MAGRIB I PRÒXIM ORIENT

Diez años de las revoluciones en el Mediterráneo: entre la revuelta y la sangre

Las causas del malestar continúan sepultadas y agravadas por el impacto de la pandemia

Una dècada de revolta i de sang ‘Al shaab iurid’ (La gent vol)... llibertat
Cristina Mas
17/12/2020
3 min

BarcelonaHoy hace diez años que Mohamed Bouazizi, un joven vendedor ambulante de un pueblo del interior de Túnez, se prendió fuego para protestar porque la policía le había confiscado la parada de fruta. Su sacrificio se convirtió en un símbolo de la humillación a manos de unos estados corruptos y despóticos que robaban el futuro de sus jóvenes. La chispa encendió la mecha y diez días después de la muerte del vendedor la oleada de manifestaciones y huelgas generales masivas obligaba al entonces presidente tunecino, Zine al-Abidine Ben Ali, a huir en avión a Arabia Saudí. La gente le había ganado la partida al dictador y el ejemplo corrió como la pólvora y se expandió al norte de África y al Próximo Oriente: Egipto, Libia , Bahréin, Yemen y Siria ponían la palabra revolución a la orden del día. La década siguiente, sin embargo, ha sido de dolor y contrarrevolución, con la guerra de Siria como un esperpento, pero los problemas de fondo seguían y la semilla de la revuelta volvió a germinar el año pasado en Argelia, el Líbano e Irak. Una segunda oleada que se ha tenido que poner en pausa por la pandemia.

Las fuerzas motoras del cambio eran claras y continúan estando hoy sobre la mesa: un largo listado de agravios que se resumen en desigualdad, corrupción y autoritarismo, con unas élites ricas y mimadas por los vecinos europeos y los Estados Unidos. Todo esto se combina con el estallido demográfico de una juventud expulsada a los márgenes que sentía que no tenía nada a perder si se arriesgaba a cambiar las cosas. Factores que no eran ajenos a lo que pasaba en este lado del Mediterráneo: el movimiento del 15-M o la revuelta de Grecia contra la troika.
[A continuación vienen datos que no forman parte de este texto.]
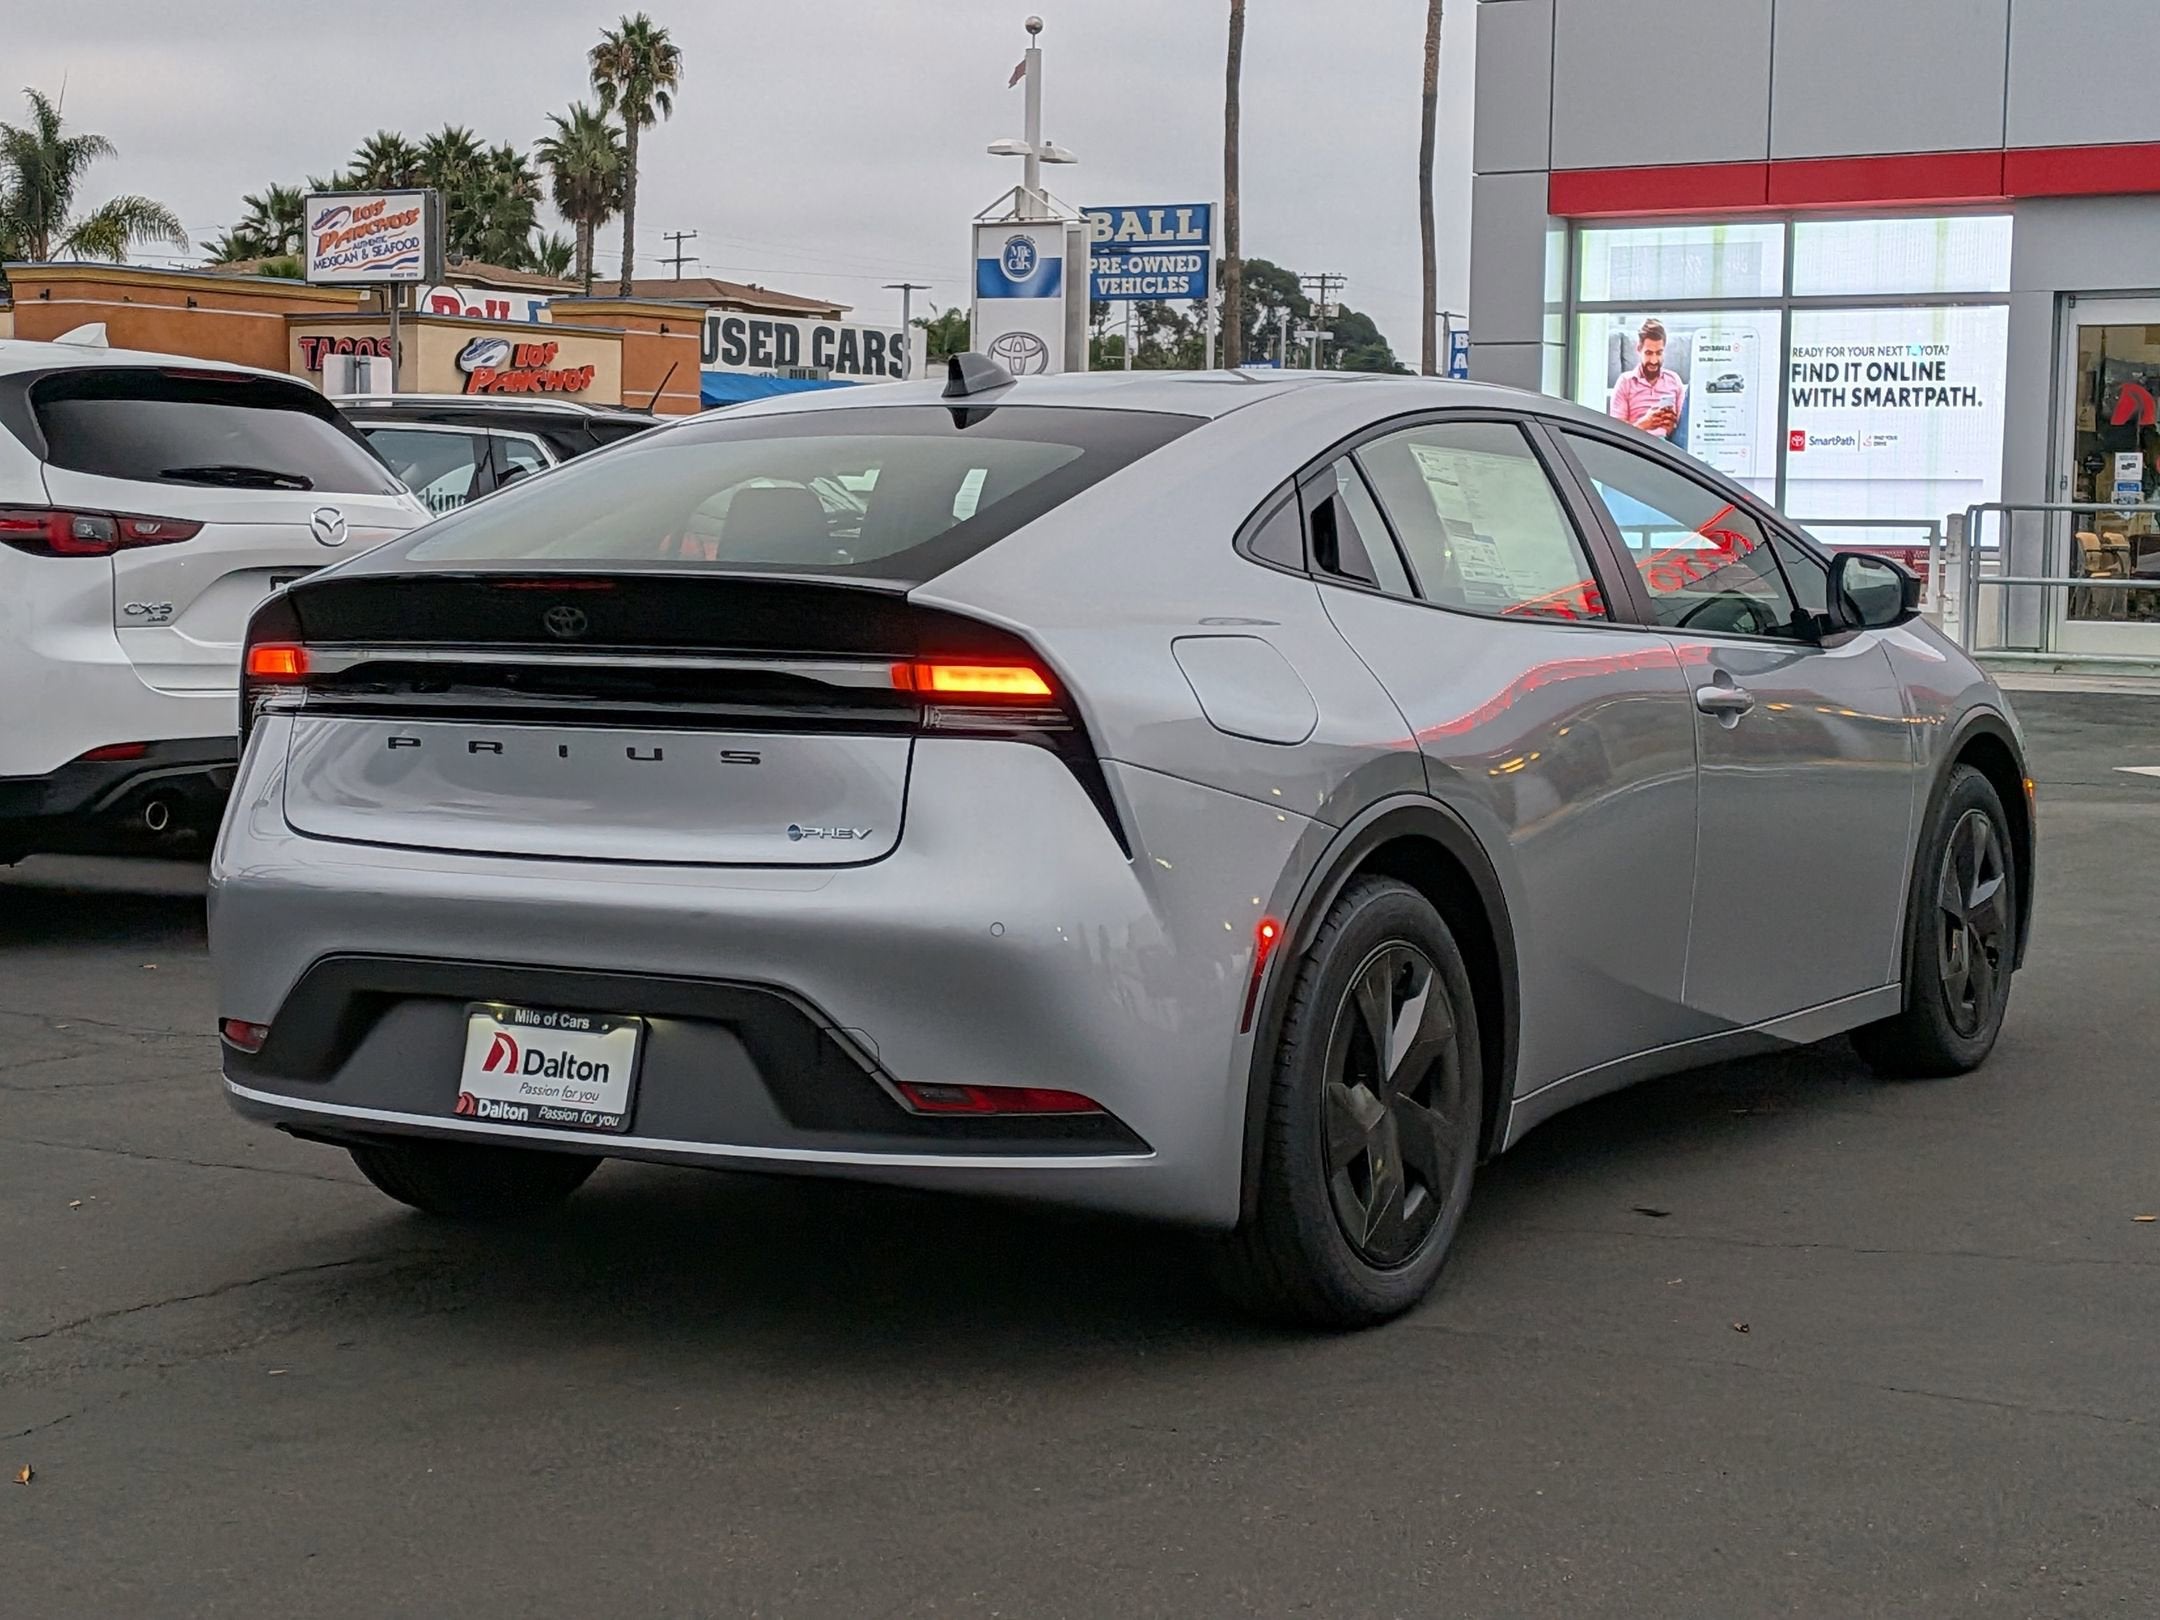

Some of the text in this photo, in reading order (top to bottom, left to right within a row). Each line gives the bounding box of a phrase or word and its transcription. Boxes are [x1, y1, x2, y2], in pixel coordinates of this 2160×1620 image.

[353, 199, 386, 223] LOS
[316, 208, 420, 257] PANCHOS
[1088, 209, 1202, 242] BALL
[313, 237, 419, 271] MEXICAN & SEAFOOD
[1089, 255, 1201, 274] PRE-OWNED
[1097, 276, 1190, 294] VEHICLES
[298, 336, 393, 370] TACOS
[515, 341, 559, 368] LOS
[701, 317, 800, 368] USED
[812, 326, 911, 379] CARS
[1454, 333, 1470, 379] BA
[1792, 346, 1823, 357] READY
[1826, 346, 1846, 357] FOR
[1847, 346, 1875, 357] YOUR
[1877, 346, 1904, 356] NEXT
[467, 365, 595, 394] PANCHOS
[1792, 361, 1946, 382] FIND IT ONLINE
[1792, 386, 1983, 407] WITH SMARTPATH.
[1808, 435, 1856, 447] SmartPath
[124, 602, 173, 615] CX-5
[388, 737, 761, 765] PRIUS
[802, 827, 873, 840] PHEV
[515, 1009, 589, 1029] Mile of Cars
[523, 1049, 610, 1083] Dalton
[519, 1082, 600, 1102] Passion for you
[477, 1100, 620, 1127] Dalton Passion for you
El sueño de cambio se estrelló contra la violencia de los estados, desde la intervención de la OTAN y la guerra en Libia hasta el descenso a los infiernos de una Siria que El Asad prometió quemar si no podía gobernar, o el golpe de estado en Egipto, que a cobijo de la oleada de descontento con la gestión de los Hermanos Musulmanes acabó imponiendo una dictadura más feroz que la que los manifestantes de Tahrir habían conseguido derrocar. Las revueltas barrieron el poder político pero no el económico ni el militar, que pilotaron las transiciones para hacer volver las aguas a su curso. Hoy en Siria y Egipto hay muchos más prisioneros políticos que en 2011, y los muertos y desaparecidos se cuentan por centenares de miles.
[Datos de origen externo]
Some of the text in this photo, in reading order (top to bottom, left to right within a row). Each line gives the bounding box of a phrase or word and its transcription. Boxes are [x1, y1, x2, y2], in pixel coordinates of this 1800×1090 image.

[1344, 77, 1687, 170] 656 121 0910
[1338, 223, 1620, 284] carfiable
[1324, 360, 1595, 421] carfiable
Europa sólo sufrió colateralmente el golpe del terremoto, en forma de llegada de unos cuántos centenares de miles de refugiados -muchos menos de los que han acogido los países vecinos-, pero hubo bastantes para que los populismos lo aprovecharan para descoser las costuras de una UE atravesada por crisis propias y ajenas.

Segunda oleada

Y cuando parecía que la región había aprendido la lección de que la revuelta se paga con sangre, los agravios volvieron a estallar en 2019 en las calles de Argelia, cuando los militares que mueven los hilos del “sistema” pensaron que era una buena idea presentar al octogenario y enfermo presidente ausente Abdelaziz Bouteflika a un quinto mandato. Las movilizaciones masivas obligaron a retirarlo, pero ahora en su lugar está otro octogenario que también está enfermo y también está fuera del país. Y en el Líbano, un nuevo impuesto para Whatsapp fue el detonante de una protesta masiva contra un sistema corrupto y sectario, que también era cuestionado por la juventud en Irak.

Todas estas protestas han quedado confinadas con la pandemia, una situación que los regímenes autoritarios han aprovechado para reprimir todavía más la disidencia. Pero esto no quiere decir que el malestar se haya acabado. Como advierte el Cidob en la nota sobre perspectivas del año próximo, “la desesperanza y la frustración, en parte por la carencia de resultados de los ciclos de protesta anteriores, así como una mayor represión por parte de las fuerzas de seguridad, comportan un claro riesgo que este nuevo ciclo adquiera un carácter más violento”.